Using both hands, he raised his revolver, drew back the hammer, steadied the sights on Kane’s torso, began squeezing the trigger.
M
USCLES LOCKED, RACKED BY
spasms of terror, helpless, his whole body rigid, braced against death, Bernhardt realized that his eyes were closed. An instant’s image of his mother appeared. She was reading to him from a child’s picture book, smiling as she turned the pages. She—
An explosion. A shot.
Instantly, his whole body unlocked, began to quiver. His eyes were open, searching for the face of death, the final vision.
Vision?
Was he alive? Had he been wounded, the pain masked by shock? Had he soiled himself—shamed himself?

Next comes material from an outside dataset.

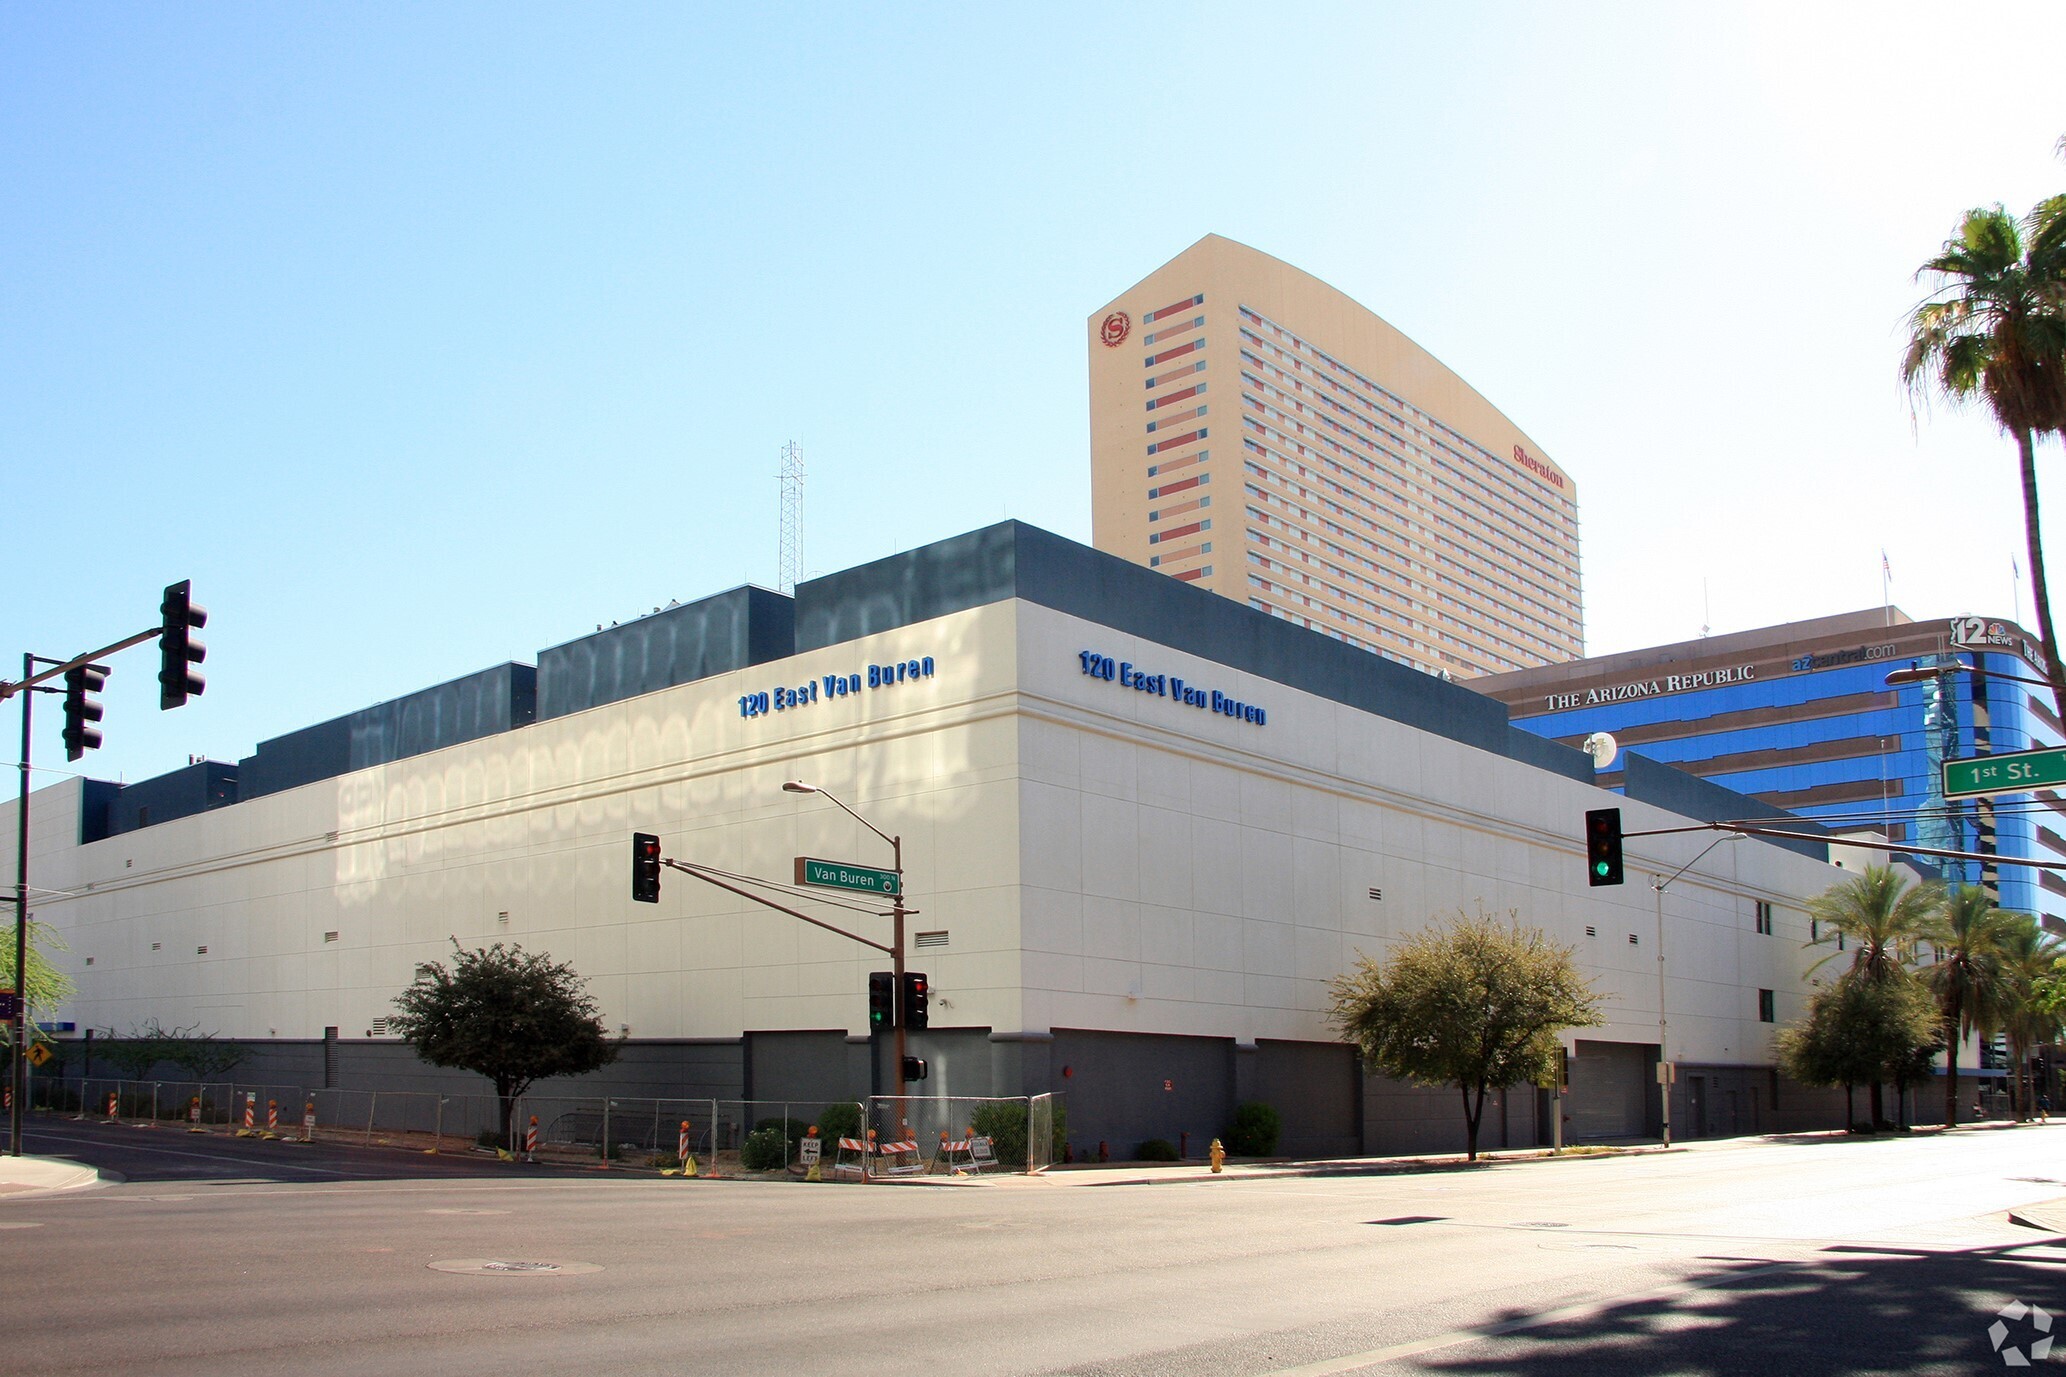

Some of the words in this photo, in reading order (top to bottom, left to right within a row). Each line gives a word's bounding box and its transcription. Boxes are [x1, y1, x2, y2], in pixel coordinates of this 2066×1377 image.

The car—he was still in the Escort, his body wedged behind the steering wheel; the Escort’s door was still standing open.
“Ah—” It was a low, muffled moan.
Kane?
Aware that he could move, he was pushing himself away from the steering wheel. His feet were sliding across the seat, out the door. Then his legs. Sitting erect, he saw him: Kane, lying on his face, his hand still clutching the blue-steel revolver with the two-inch barrel.
Without conscious thought, suddenly energized, he sprang to the body, twisting the revolver from fingers that still twitched.
Was it suicide?
He raised the gun to his nostrils. No, there was no smell of cordite. Meaning that someone had—
To his right, there was movement. A figure. A man, crouching. Instantly, Bernhardt dropped to the ground, brought the revolver up, trained it on the intruder.
“Bernhardt.”
A stranger’s voice. The figure was tall and slim. Not thick and gross, therefore not Farnsworth.
But if it wasn’t Farnsworth, then—
“It’s Preston Daniels. Don’t shoot.”
S
TANDING ON TOP OF
the low sand ridge, Farnsworth blinked, refocused his gaze on the entrance to the landfill. First he’d seen the quick flare of headlights from inside the fence. Then, moments ago, he’d seen a figure slip through the entrance and disappear behind the first mound of earth inside the landfill.
Someone had tracked the Escort, someone whose car was concealed among the dunes.
Someone who was stalking Bernhardt and Kane.
Or did Bernhardt have backup, someone who’d kept out of sight for the last two days, kept in reserve for this moment?
Or had Bernhardt called Boston? Had the state attorney sent help? At the thought, Farnsworth shook his head. No, it couldn’t be the law. The law would never send a single man into danger. It was the first rule of survival. Never look for trouble alone.
Daniels? Could it be Daniels? Could Daniels—
A shot.
One shot, then silence. No second shot. No screams. A good, clean kill. Yes, Kane was a killer. The proof was in his cold gray eyes; killer’s eyes.
But was there a witness? Had the intruder—the third man inside the fence—seen Kane do it?
The third man
… It had been a movie. Orson Welles. Joseph Cotten.
Fifteen minutes, he’d calculated, would elapse while Kane filled the shallow grave, got rid of the shovel, escaped in the Escort.